そんなメンタルが180度変わったのは、4年前に肺に穴が開く気胸を発症してからだ。歩いている最中に突然胸が痛み、呼吸が苦しくなって病院に駆け込んだ。最初は心臓かと思い循環器科に行ったのだが、そちらは異常なし。レントゲンを見たお医者さんに「左側の肺、破れてるね。」と言われ、近くの総合病院につないでもらってそのまま入院した。幸い症状は軽く3日ほどで退院できたが、あんな恐怖を味わうのはもうこりごりだった。
気胸は若い男性に多いが、中高年が発症する原因は「低栄養」だそうだ。その当時、私のBMIは17.3くらいで、明らかに栄養不足に陥っていた。

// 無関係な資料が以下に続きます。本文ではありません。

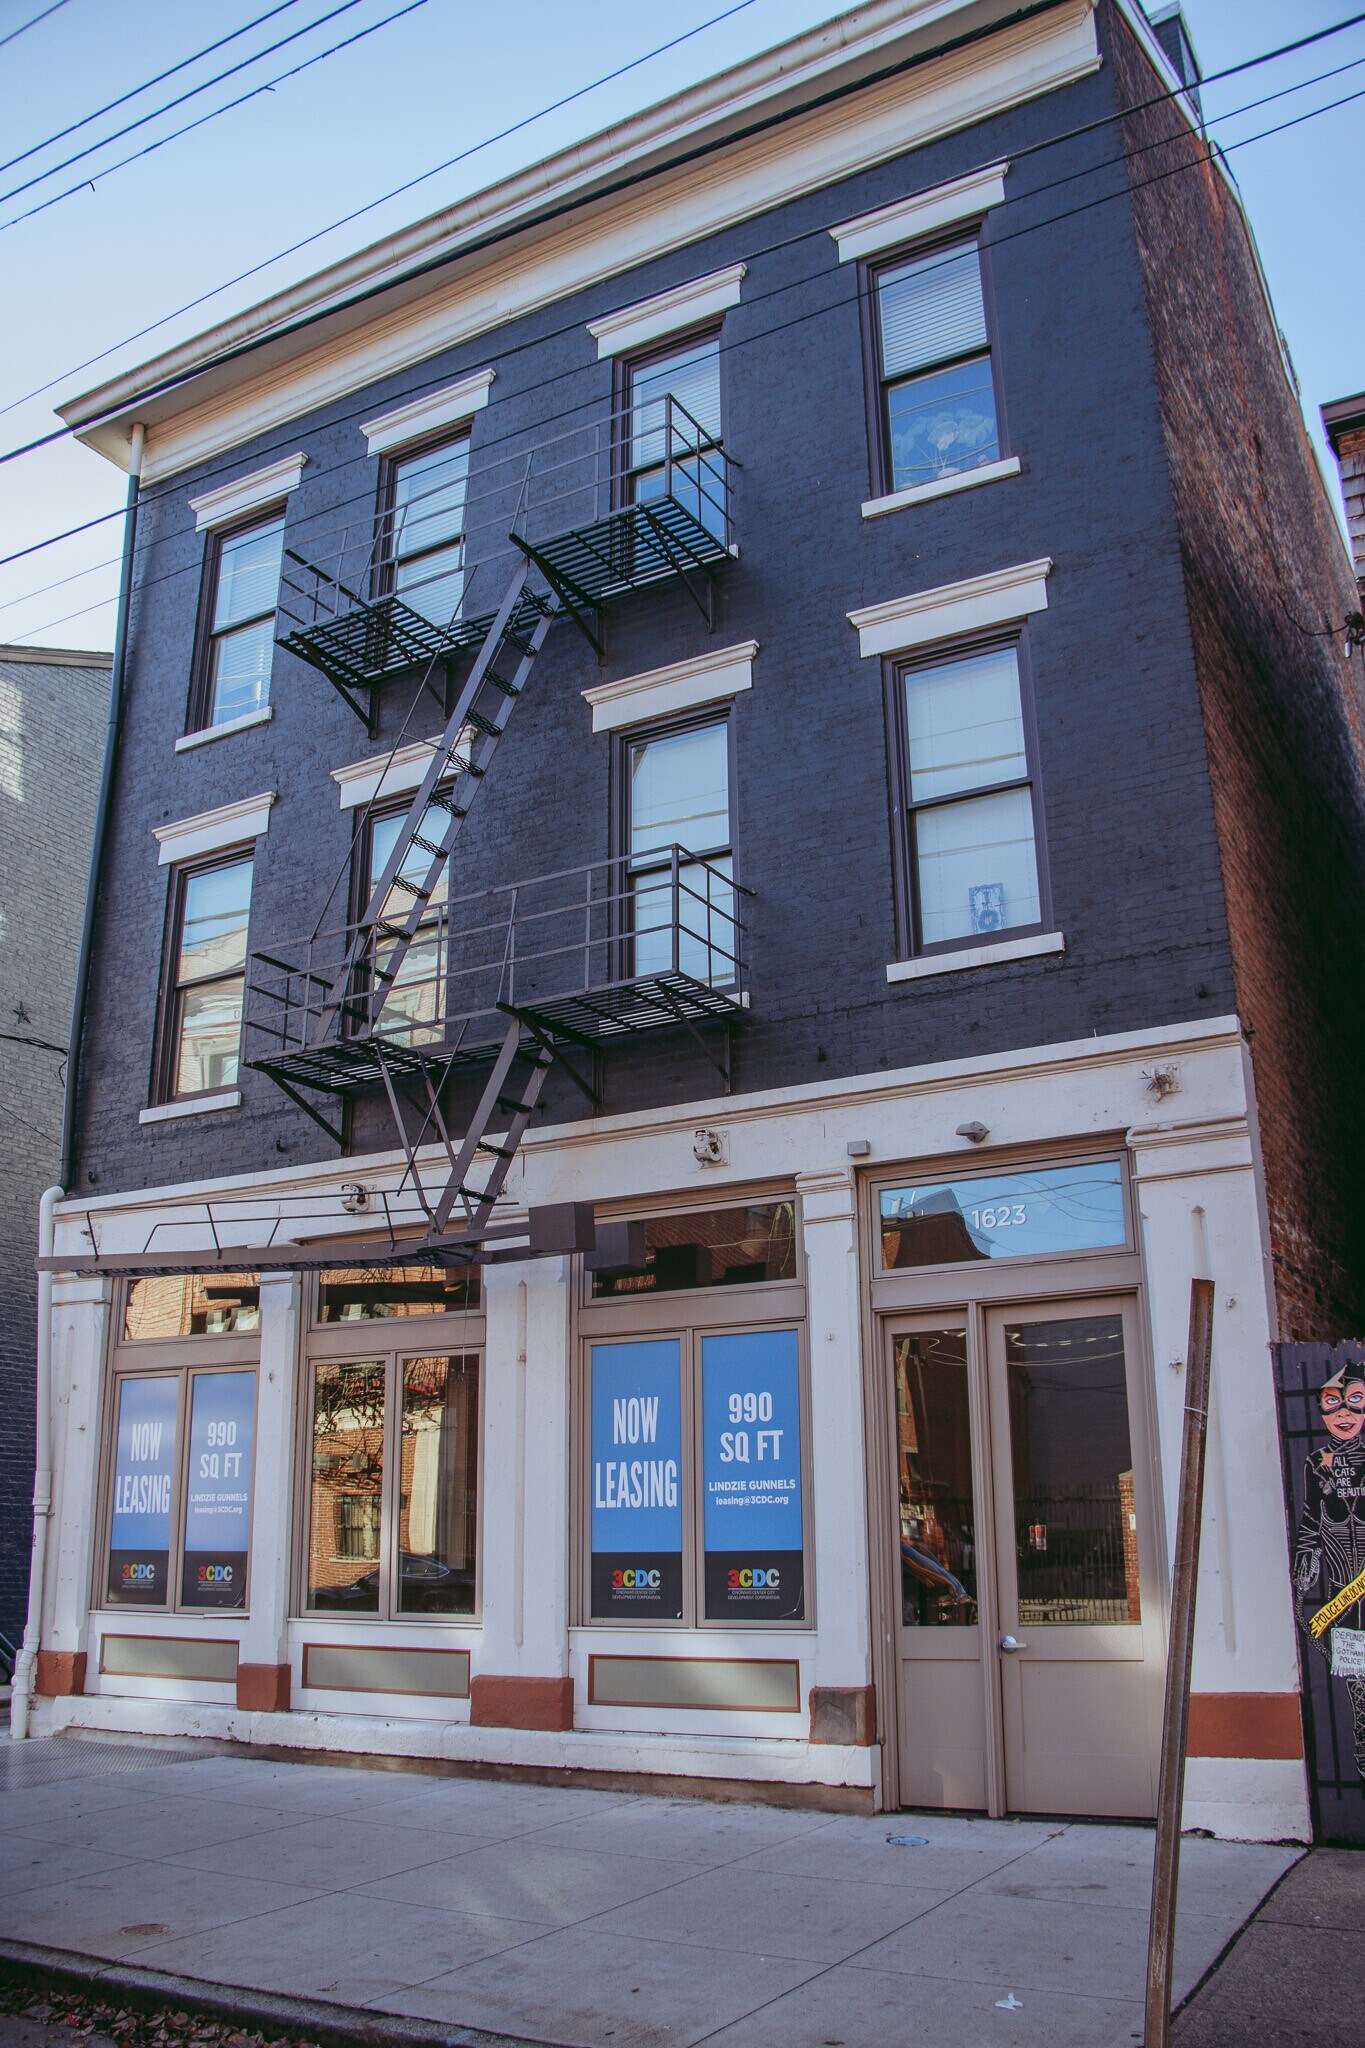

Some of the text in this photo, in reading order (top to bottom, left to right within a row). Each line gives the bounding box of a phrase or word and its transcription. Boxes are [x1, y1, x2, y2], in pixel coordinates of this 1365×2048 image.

退院してしばらくの間は歩くのも辛く、ゆっくり歩くのと「早歩き」は全く別の運動だと実感した。
回復する過程で、私の中のスイッチは完全に切り替わった。モリモリ食べ、近くの筋トレ教室に通う。プロテインを飲み、肉や卵を積極的に摂る。昔の私は標準体重より11キロも少なかったが、この4年で5キロ増やし、服の多くをLサイズに買い替えた。

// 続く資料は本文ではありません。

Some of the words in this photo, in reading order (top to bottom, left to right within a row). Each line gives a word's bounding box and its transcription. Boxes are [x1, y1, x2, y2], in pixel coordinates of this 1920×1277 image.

そのうちに、夏の酷暑に駅前に立って訴え続ける献血ルーム職員の、「血液が足りません!献血お願いしまーす!」の声に応えたいという思いが湧いて来た。初回の献血ができるのは64歳まで。一度経験すればその後は69歳まで可能だ。65歳の誕生日までに献血するのが目標になった。

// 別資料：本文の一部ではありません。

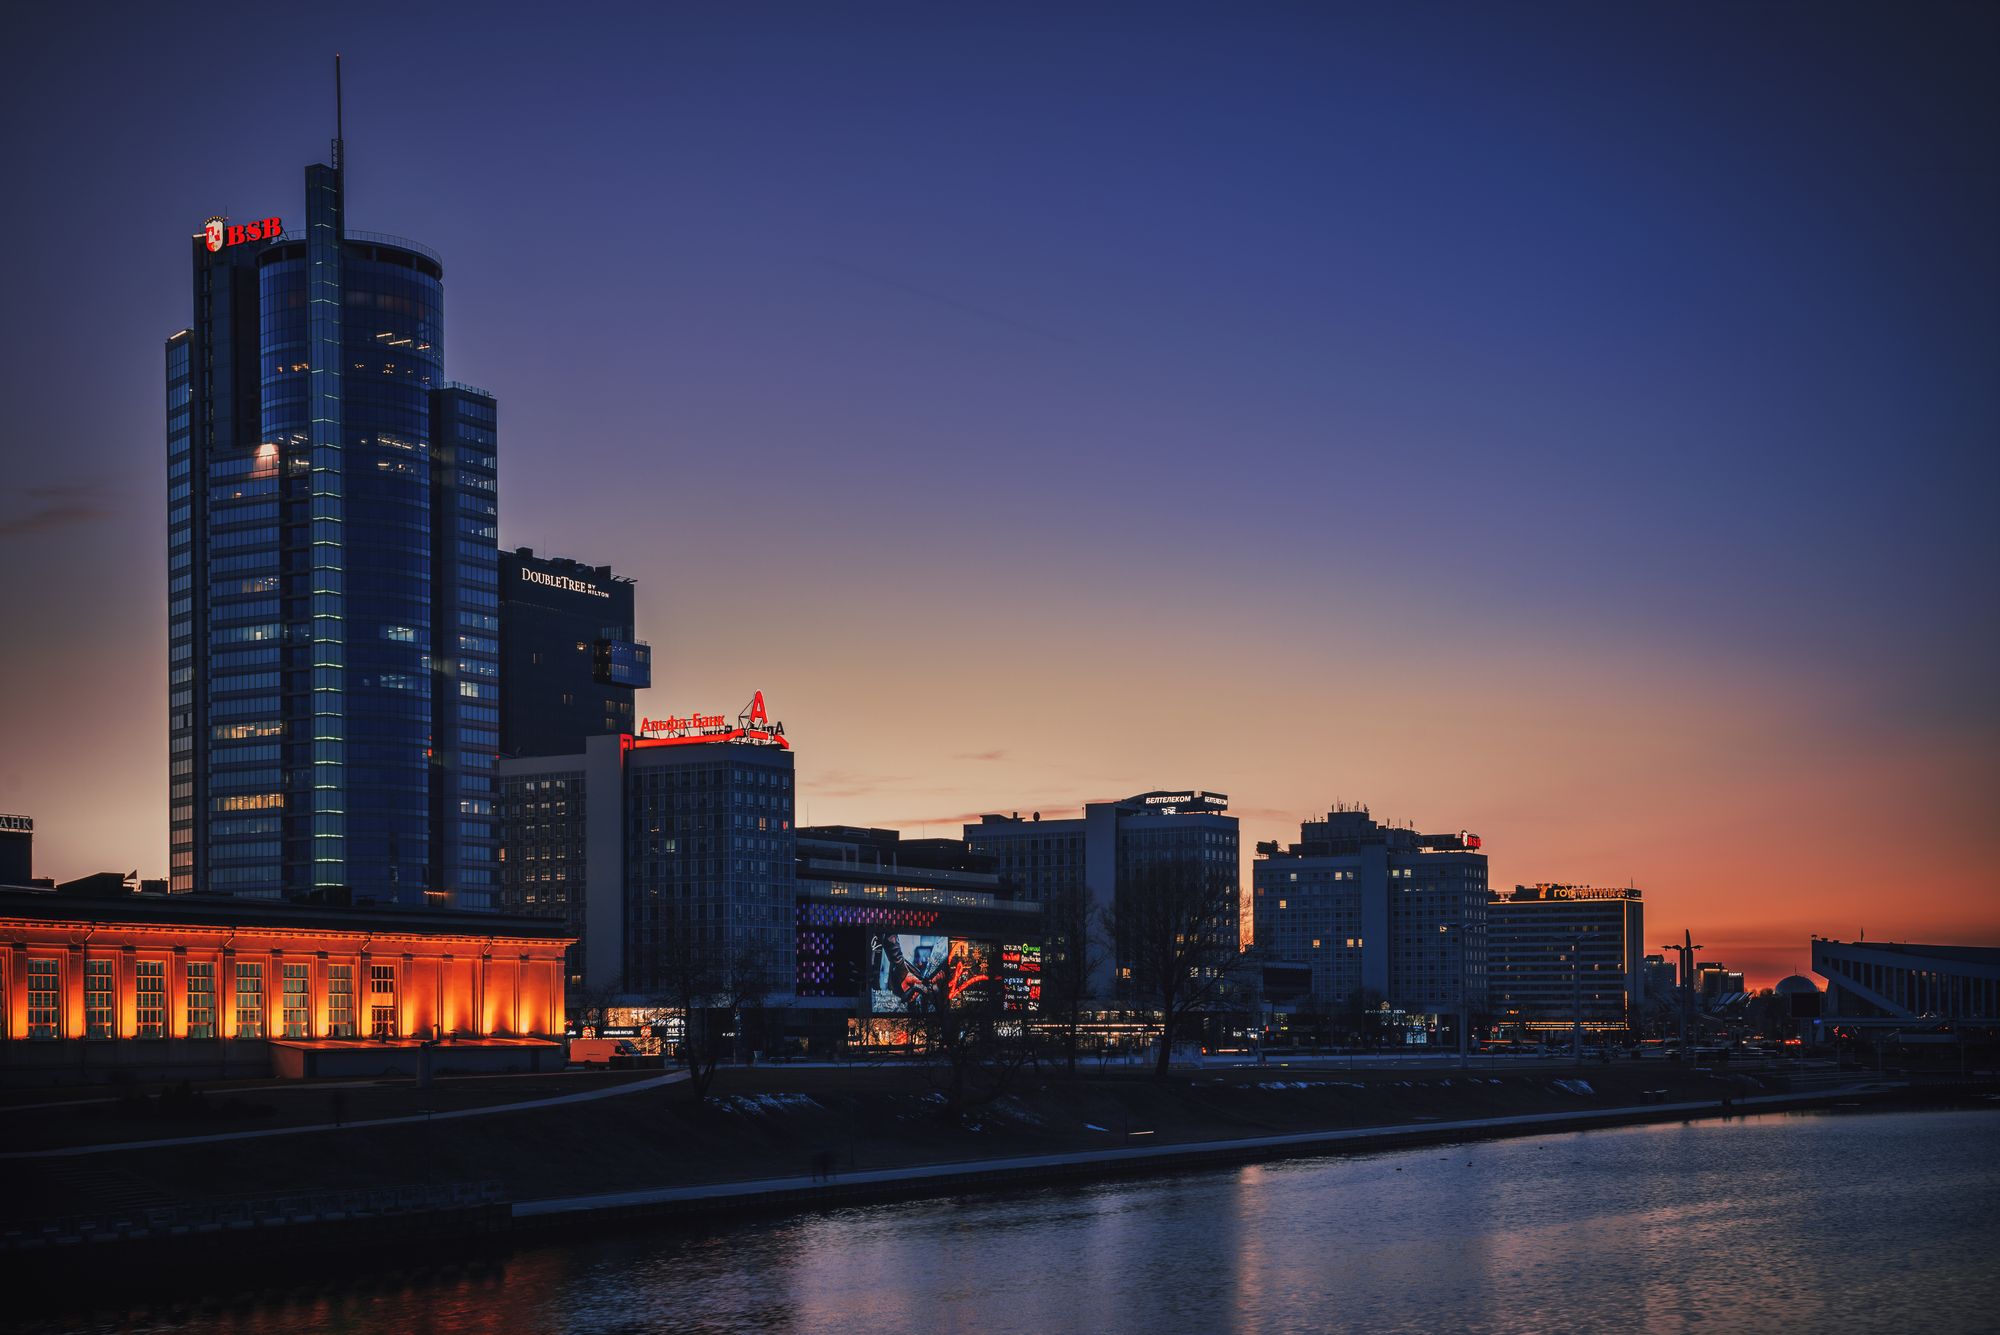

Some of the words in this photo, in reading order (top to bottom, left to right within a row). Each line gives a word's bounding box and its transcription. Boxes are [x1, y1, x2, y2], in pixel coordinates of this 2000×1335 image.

成分献血なら体への負担が軽いのだが、血管に針を刺して1時間もじっとしていられる自信がない。200mlはあまり需要がなく10代向けだと言われたので、400mlに挑戦することにした。体重は400mlの献血ができる条件、50キロを超えている。血液全量の7%以下なので、医学的にも統計上も安全とされる量、大きな負担は無いはずだと自分に言い聞かせた。初めての献血は問診や事前検査にかなりの時間がかかったが、採血自体は15分、優しい看護師さんに見守られ、自分の思いを話し、誉められているうちに終わった。
涙が出た。
よくここまで辿り着いたなぁという達成感と、健康保険を使い倒して生きてきた自分の後ろめたさが、人様の命を救う側になれたことで少し軽くなったのだろう。
そして30分の休憩を終えて外に出た時、街路樹の緑を仰ぎ見て改めて思った。「私の命は森からもらったものだ」と。子供の頃の孤独を癒してくれた裏山の松、大学生の時に気づいた「森の中で元気になれる自分」、それが後に箱根でのパークボランティアにつながり、山を歩くことで基礎体力が身に付いた。そして今は森林と人の暮らしを繋げる仕事をライフワークにしている。
献血は私にとって、森からもらった命の一部を別の人に手渡すことだ。森のエネルギーが私の体を通して誰かの命を救う。そう考えると、半年後にしかできない全量献血だけではなく、もっと頻回に行える成分献血に挑戦してみようかと考えたりする。涼やかな風が微笑む初夏だ。